In many ways the past year has been an annus horribilis - there were fewer champagne corks popping in the boardrooms, jobs became scarcer and property prices took a nose dive. But the arts always seem to thrive in hard times and Auckland's theatre scene has been booming.
The Auckland Festival emphatically established itself as a world-class event, blockbuster touring shows have been running extended seasons at our major venues, the Auckland Theatre Company reported a bumper year at the box office and the constantly mutating pool of small companies supplied the yeast to keep the theatre brew fizzing with an eclectic grab bag of innovative and challenging shows.
There would be several viable contenders for production of the year ranging from ATC's hugely popular revival of The Pohutakawa Tree, through to a taut, small-scale production of August Strindberg's explosive psychological drama The Creditors.
But my pick would be Peach Theatre's production of The History Boys at the Maidment Theatre. Allan Bennet's highly sophisticated script was approached with a naive Kiwi-can-do optimism, giving the whole production the kind of freshness and vitality which makes live theatre so uniquely rewarding.
For new work by New Zealand playwrights, Vivienne Plumb led the field with ATC's sumptuously visual production of The Wife Who Spoke Japanese in Her Sleep at the Maidment. This was followed up by a studio presentation of Oyster _ an elegant mediation on the randomness of youth culture presented as part of the Young and Hungry Festival at the Basement.
However, some of the most exciting local drama was not script-driven. With Ooh Baby Baby at the Town Hall Concert Chamber, Co. Theatre Physical gave birth to a spectacular amalgam of tumbling and aerial pyrotechnics that was both raucously funny and deeply moving.

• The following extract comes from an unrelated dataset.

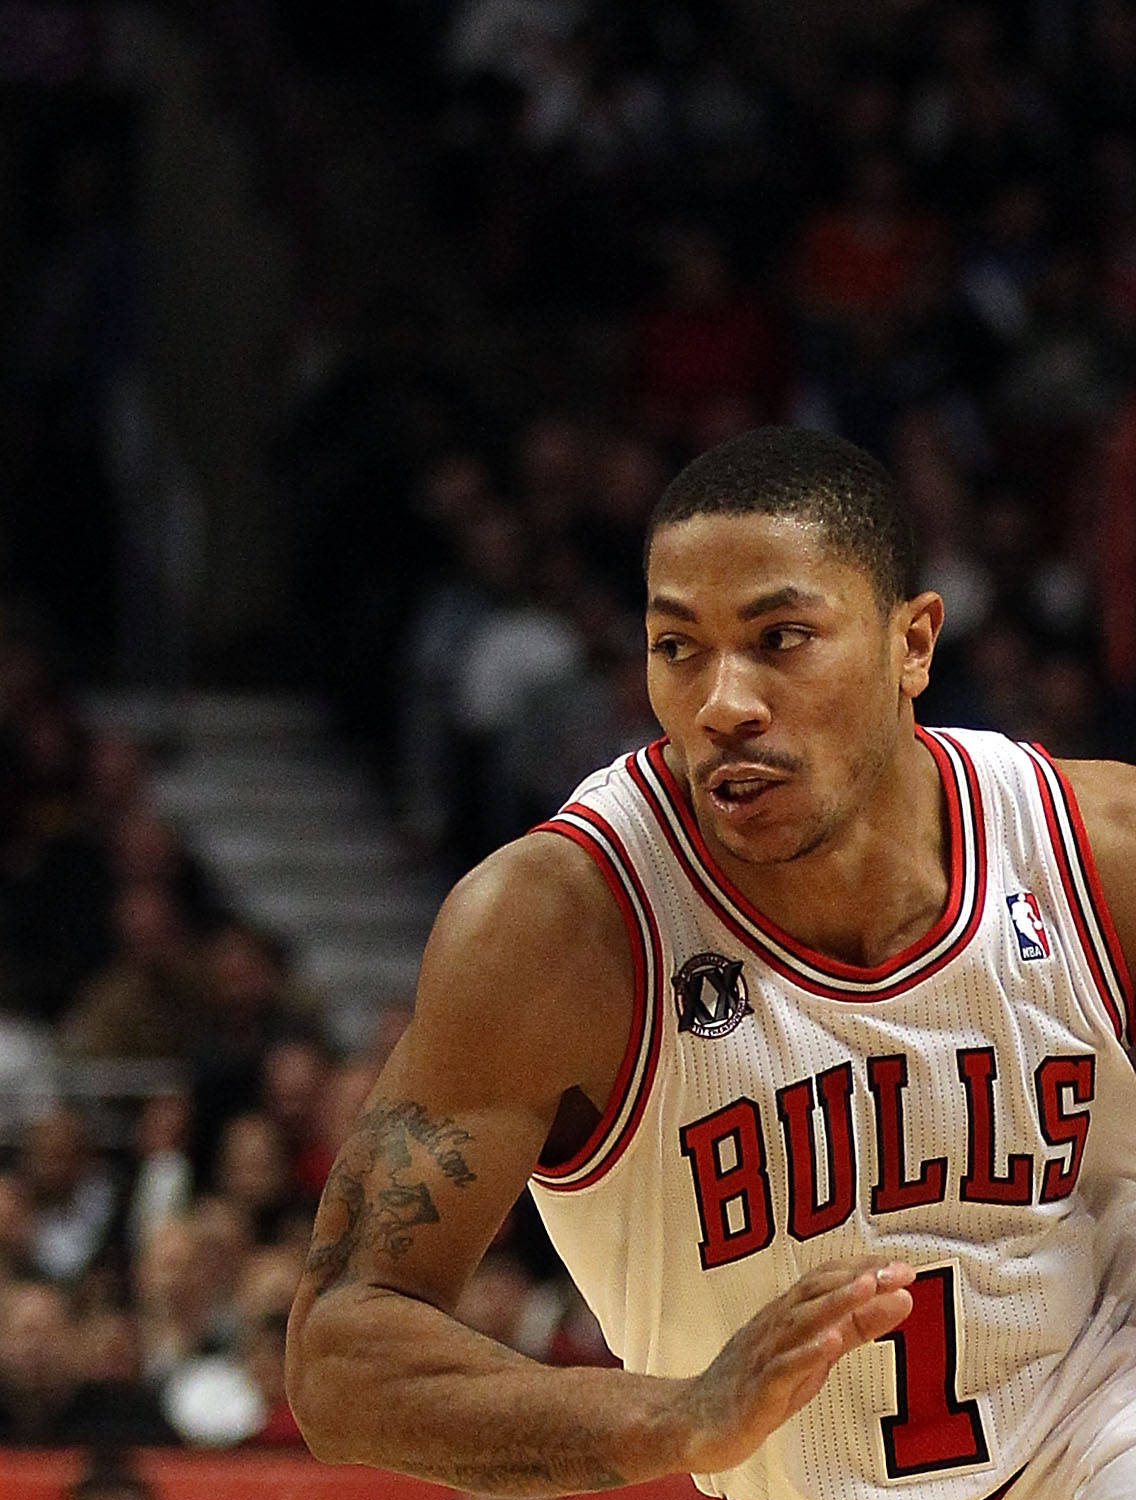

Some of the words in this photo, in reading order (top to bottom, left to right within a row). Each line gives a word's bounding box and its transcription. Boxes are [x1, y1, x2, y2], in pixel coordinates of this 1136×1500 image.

[1022, 945, 1042, 959] NBA
[679, 1046, 1096, 1271] BULLS
[874, 1265, 991, 1480] 1

In a similar vein, Apollo 13 Mission Control at the Aotea Centre took interactive theatre to a new level as audiences were swept along by a wave of nerdy energy that felt like an enthusiastic teenager had got carried away with an ever-expanding science project.
Out of an impressive crop of international shows, the Sam Mendes-directed Bridge Project stood out like a colossus. A legendary director at the peak of his powers and a stellar cast delivered stunning interpretations of one of Shakespeare's seldom produced late plays (The Winter's Tale) and a Chekov classic (The Cherry Orchard).
Live theatre doesn't get much better than this and The Edge pulled off a coup in securing the show which only played in six cities around the world. Unfortunately, the performances - which were under-written by Auckland City Council - ran at a loss exacerbated by poor attendances for an excellent Australian production of My Fair Lady.
The affair brought on a bout of finger pointing from various self-appointed guardians of rate-payer funds. This, in turn, fed into Rodney Hide's dream of a Super City that would focus on the core business of pumping sewage and avoid wasting public money on frivolous pursuits like the arts.
The vision from the man in the canary jacket has a hollow ring, a faint whiff of hypocrisy given that he has spent recent years raving to the women's magazines about how his life was transformed by his own brush with the arts in Dancing With the Stars for TVNZ.
Here's hoping the Super City will bring forth a leader with genuine vision who understands that building a thriving cultural life requires the same kind of investment that is being poured into motorways.
And who knows - the cargo shed on Queens Wharf could be replaced with a Sydney-style opera house.